*Supplied entries*:
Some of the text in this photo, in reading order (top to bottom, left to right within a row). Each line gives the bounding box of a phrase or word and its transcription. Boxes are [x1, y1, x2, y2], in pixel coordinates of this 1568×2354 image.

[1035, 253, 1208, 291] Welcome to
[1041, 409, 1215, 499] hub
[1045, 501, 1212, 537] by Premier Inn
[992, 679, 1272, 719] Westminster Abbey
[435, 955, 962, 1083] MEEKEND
* * *
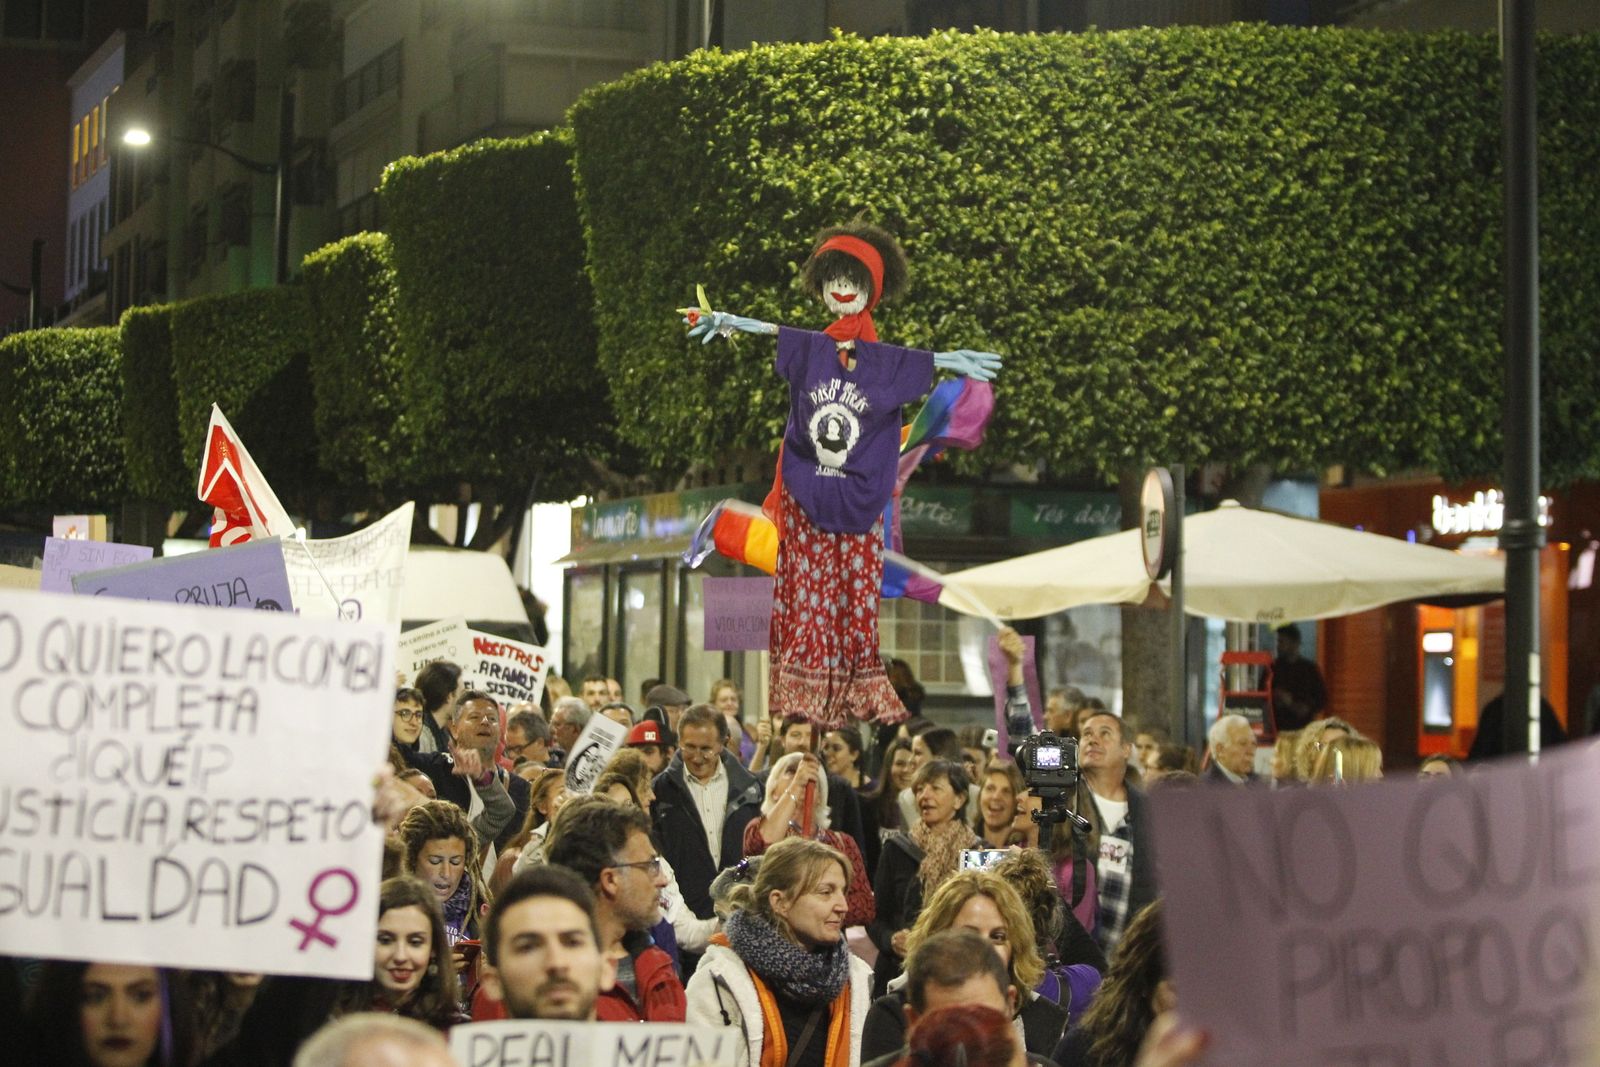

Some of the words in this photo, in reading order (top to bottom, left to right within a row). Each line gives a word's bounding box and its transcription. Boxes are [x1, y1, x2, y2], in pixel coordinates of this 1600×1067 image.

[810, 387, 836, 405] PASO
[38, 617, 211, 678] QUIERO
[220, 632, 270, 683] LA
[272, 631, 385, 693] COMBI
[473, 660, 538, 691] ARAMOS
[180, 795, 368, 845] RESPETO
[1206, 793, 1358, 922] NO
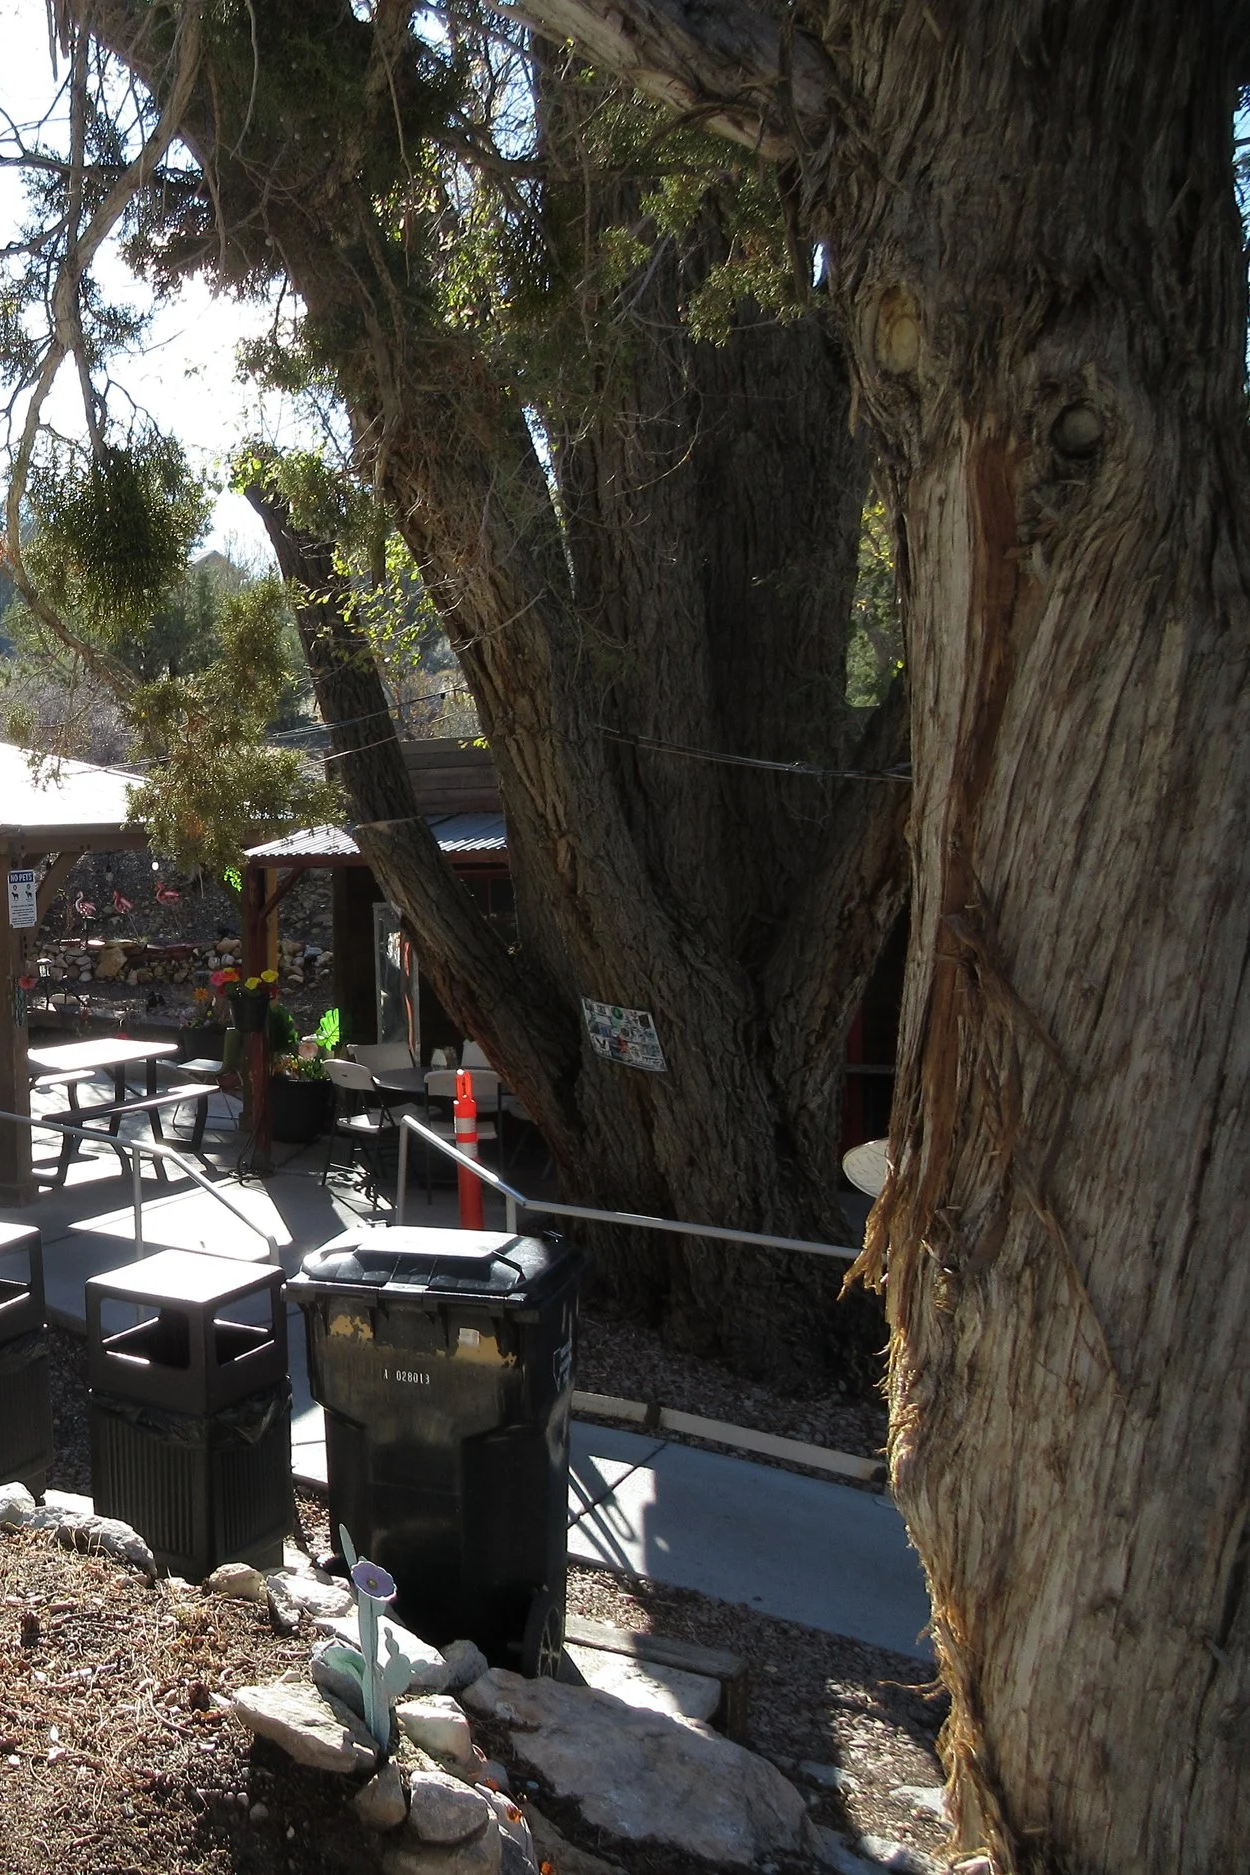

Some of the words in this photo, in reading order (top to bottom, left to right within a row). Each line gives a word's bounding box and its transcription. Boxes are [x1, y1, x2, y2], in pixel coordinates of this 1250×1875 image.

*Work request*: What belongs in the answer is each line above from the line with "this 1600×1067 image." to the line with "this 1250×1875 image.", inclusive, reproduced exactly and free of pictures.

*Written reply*:
Some of the words in this photo, in reading order (top to bottom, left to right within a row). Each line gives a word's bounding box and its transcription. Boxes are [x1, y1, x2, y2], in pixel coordinates of this 1600×1067 image.

[810, 387, 836, 405] PASO
[38, 617, 211, 678] QUIERO
[220, 632, 270, 683] LA
[272, 631, 385, 693] COMBI
[473, 660, 538, 691] ARAMOS
[180, 795, 368, 845] RESPETO
[1206, 793, 1358, 922] NO

Some of the words in this photo, in reading order (top to bottom, left to right within a row). Each line gives a word's bounding box and its transcription. Boxes are [x1, y1, x2, y2], in pixel coordinates of this 1250×1875 image.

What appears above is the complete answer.